Enhancing energy absorption in rubber–sand (Ru–San) composite blocks against ballistic impact: a multi-objective optimisation approach

Abstract

This study focuses on optimizing process parameters to minimize the thickness of Ru–San composite blocks against high-velocity impact, aiming to enhance projectile energy absorption, particularly in military trench systems. The critical challenge in developing composite blocks as potential sandbag replacements for trench-bunker systems is optimizing their thickness for improved energy absorption during high-velocity impacts. By employing an optimization technique, this study seeks to determine the minimum thickness of the rubber–sand composite block capable of withstanding the full kinetic energy of a projectile without piercing, thereby advancing protective measures in military and security applications.
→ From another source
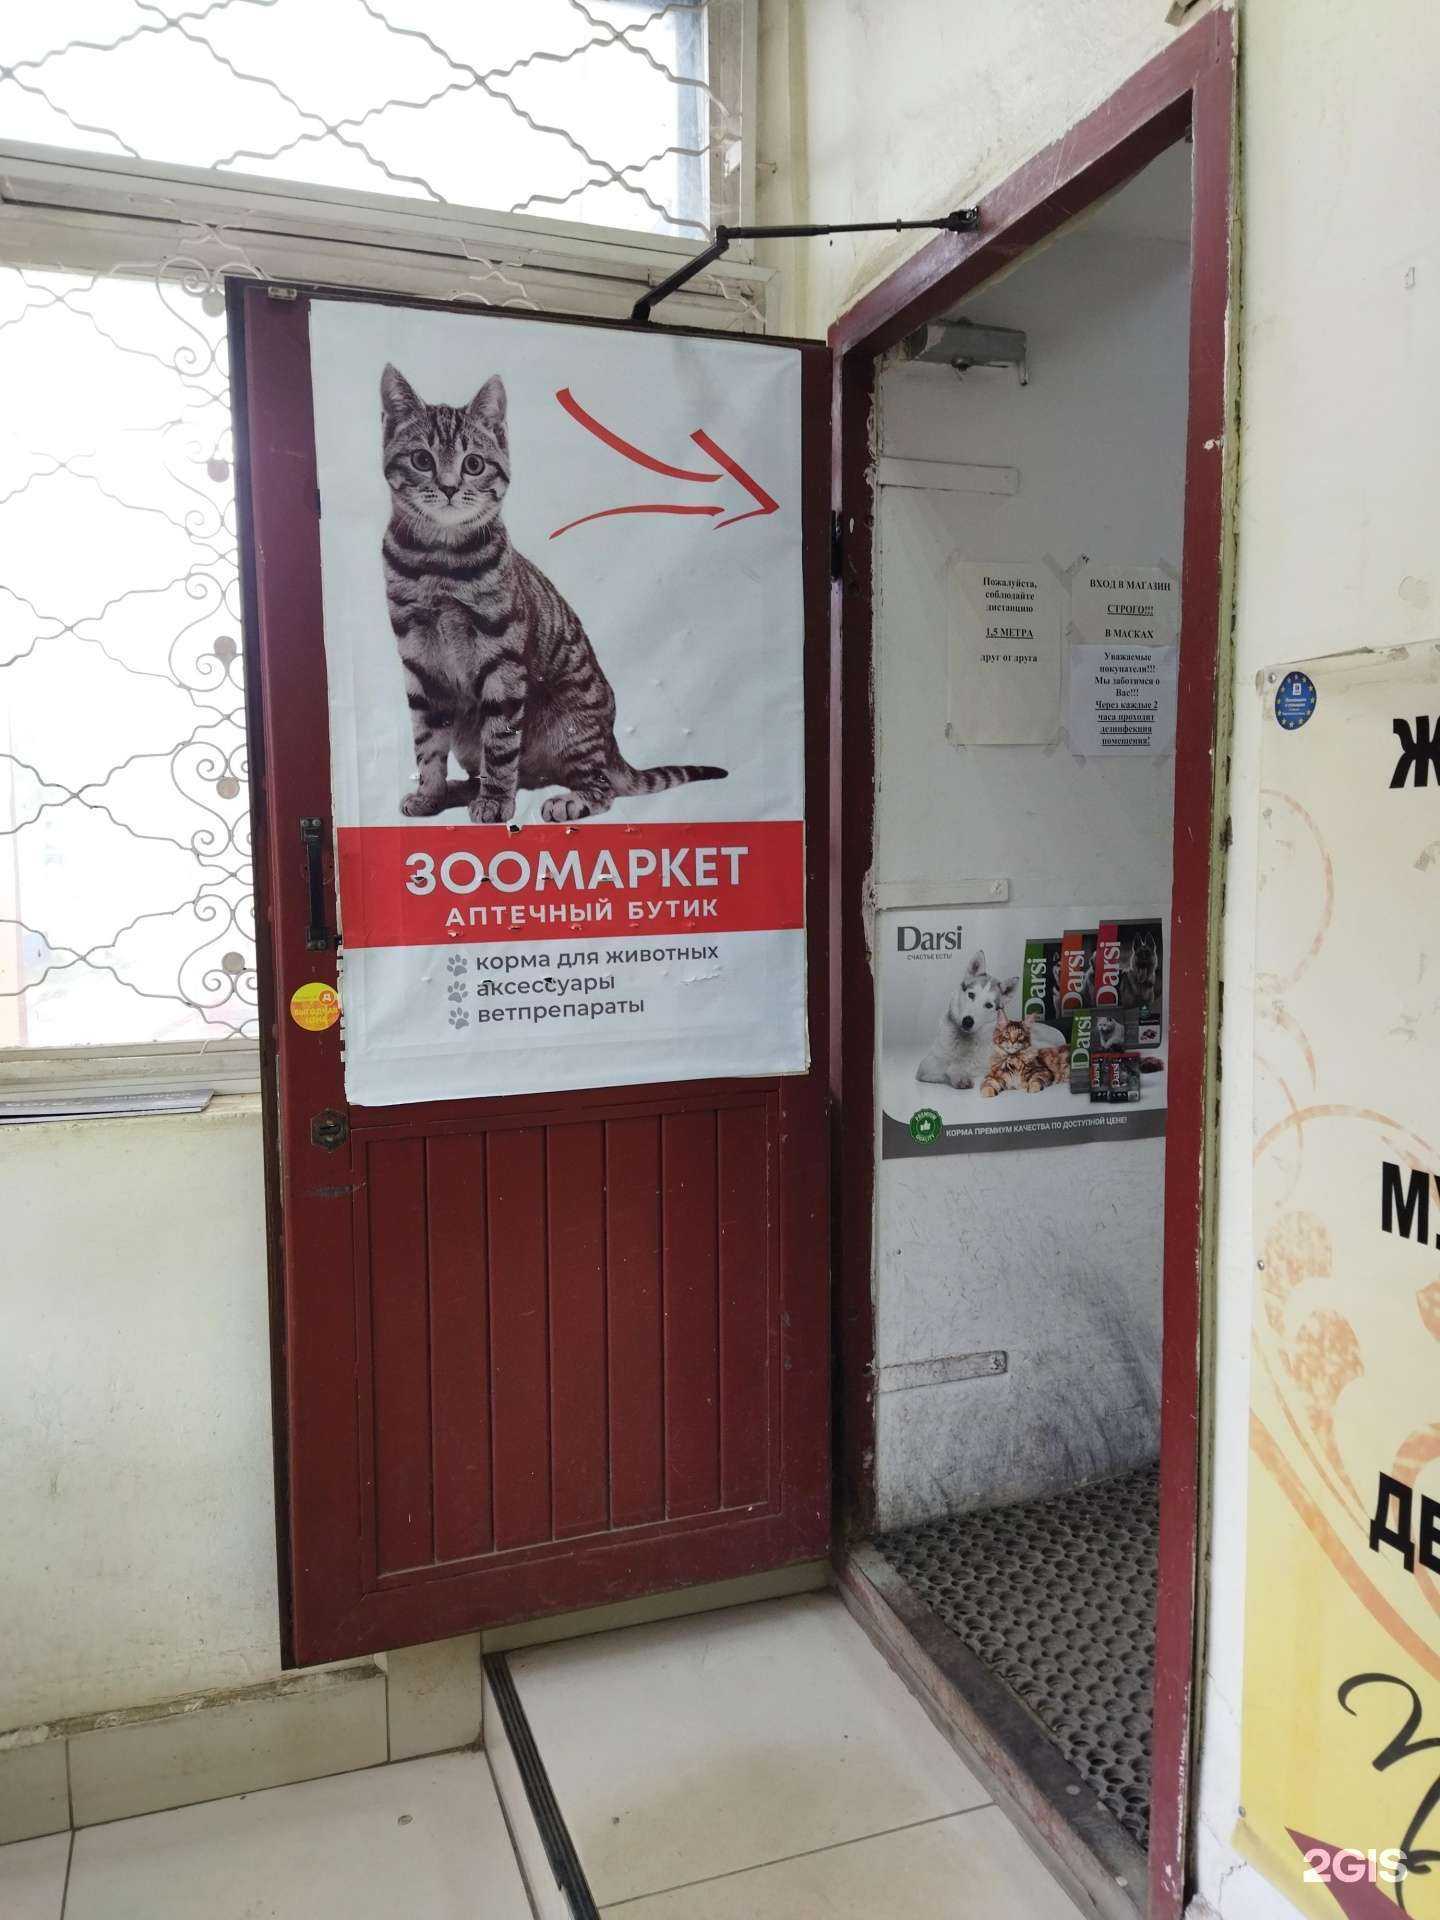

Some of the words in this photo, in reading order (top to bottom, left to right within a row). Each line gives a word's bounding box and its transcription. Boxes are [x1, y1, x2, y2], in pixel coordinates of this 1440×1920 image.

The material used is a rubber–sand composite, consisting of 00 to 20 wt% of sand particles with various sizes ranging from 250 to 750 μm. The optimisation approach employed in this study includes screening design, Vikor and analytic hierarchy process of optimisation techniques. Finite element simulation is used to model the projectile's impact on the rubber–sand composite block and to analyse the energy absorption behaviour of the material under high-velocity impact. The results of this study show that process parameters such as the thickness of the target, wt% of sand, and size of sand particles significantly impact the energy absorption of the rubber–sand composite block. The optimised parameters are determined to be a thickness of 40 mm, 20 wt% of sand, and sand sizes of 750 μm. The findings of this study have important implications for the design and development of materials that can effectively withstand high-velocity impact, particularly in the field of military defence. © The Author(s), under exclusive licence to Springer Nature Switzerland AG 2024.